D&O Insurance Becomes More Essential

Directors’ and officers’ insurance becomes more essential when the stakes rise for officer and director liability exposures. So far, D&O insurance has responded to some cyber insurance claims and provided protection — as it should. Even for those companies purchasing dedicated (and standalone) cyber insurance products, directors and officers still will need their D&O insurance protection. Many cyber policies impose an express exclusion for securities claims. Thus, noticing a cyber securities lawsuit for coverage under a cyber policy will surely trigger a coverage fight with many cyber insurance companies.

Further, D&O insurance remains one of the broader liability insurance policies around, offering a strong scope of coverage for an officer’s or director’s (and sometimes a corporation’s) “wrongful acts.” Outside of a few select exclusions (like “ERISA,” asbestos and nuclear claim exclusions), almost all perils leading to allegations and claims of wrongful acts committed by an insured in their management capacity are covered. Thus, in the ever more perilous cyber environment, it is essential that boards and the executive management team maintain the availability of D&O insurance for cyber-related claims.
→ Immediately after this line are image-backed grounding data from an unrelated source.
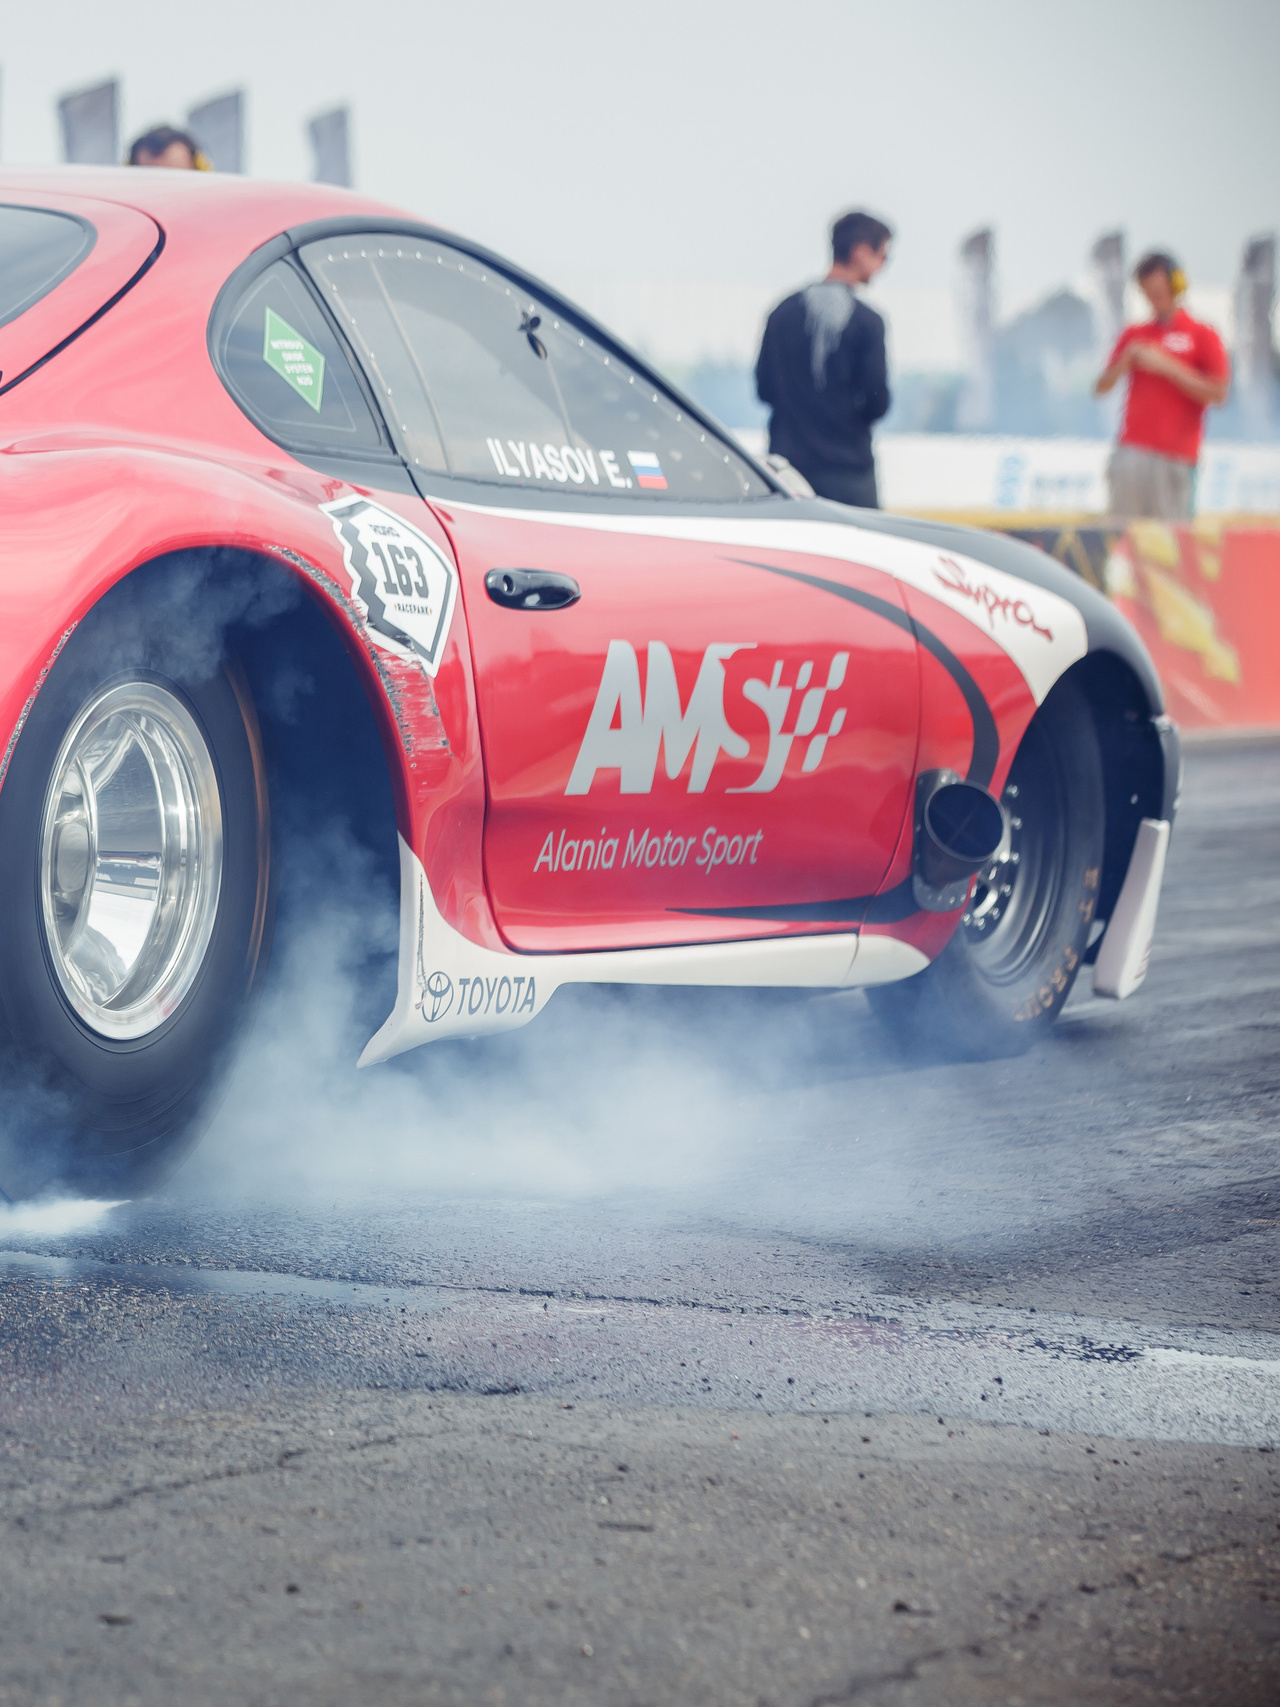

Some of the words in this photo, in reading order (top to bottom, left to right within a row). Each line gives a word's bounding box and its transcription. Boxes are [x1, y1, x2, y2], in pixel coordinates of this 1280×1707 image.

[284, 363, 314, 374] SYSTEM
[486, 437, 599, 486] ILYASOV
[598, 450, 633, 489] E.
[371, 541, 429, 599] 163
[397, 603, 430, 615] RACEPARK
[533, 826, 619, 872] Alania
[621, 827, 696, 869] Motor
[695, 826, 764, 876] Sport
[456, 975, 536, 1015] TOYOTA
Safeguarding Your D&O Insurance for Cyber Claims

With increases in cyber exposures for senior management, D&O insurance underwriters may begin asking questions about cyber hygiene and history, and processes on applications for insurance (whether on new business or renewals). It is critical to make sure that applications for D&O insurance and cyber insurance are answered carefully and accurately. Some insurance applications ask questions that are calculated to be broad, tricky and vague. This can present a terrible trap for policyholders, just when they need their coverage most. Therefore, be smart about how you answer the applications and make sure you have the requisite information to do so.

Consider your retroactive coverage date and push for better terms whenever possible. Many insurance companies want to provide insurance protection only from the date that the first policy they sold you incepts. The problem is that some cyber threats occur well before the policyholder actually discovers evidence of a breach. Further, class action complaints may make vague allegations of a longstanding corporate environment of lax cyber security that may stretch back years before the lawsuit’s commencement (as well as long before the date of the cyber incident).

Computer forensic specialists will tell you that computer hackers can intrude into computer systems weeks, months and even years before the policyholder becomes aware of the threat. If you purchase insurance coverage with a retroactive date that pre-dates the policy period, especially by a number of years, it removes a potential coverage fight from the table.

Provide notice to your insurance companies quickly after a breach — including your D&O insurance companies. Early in the process of responding to a breach, the meter will be running on costs, and some of those costs may be to protect, investigate and defend the board. 


It is important to make sure that D&O insurance coverage (including primary, excess, Side A, etc.) remains free of cyber-related exclusions or sub-limits. Management will be highly concerned with any argued “gap” in coverage should a cyber event ensue — especially with the advent of cyber derivative shareholder litigation.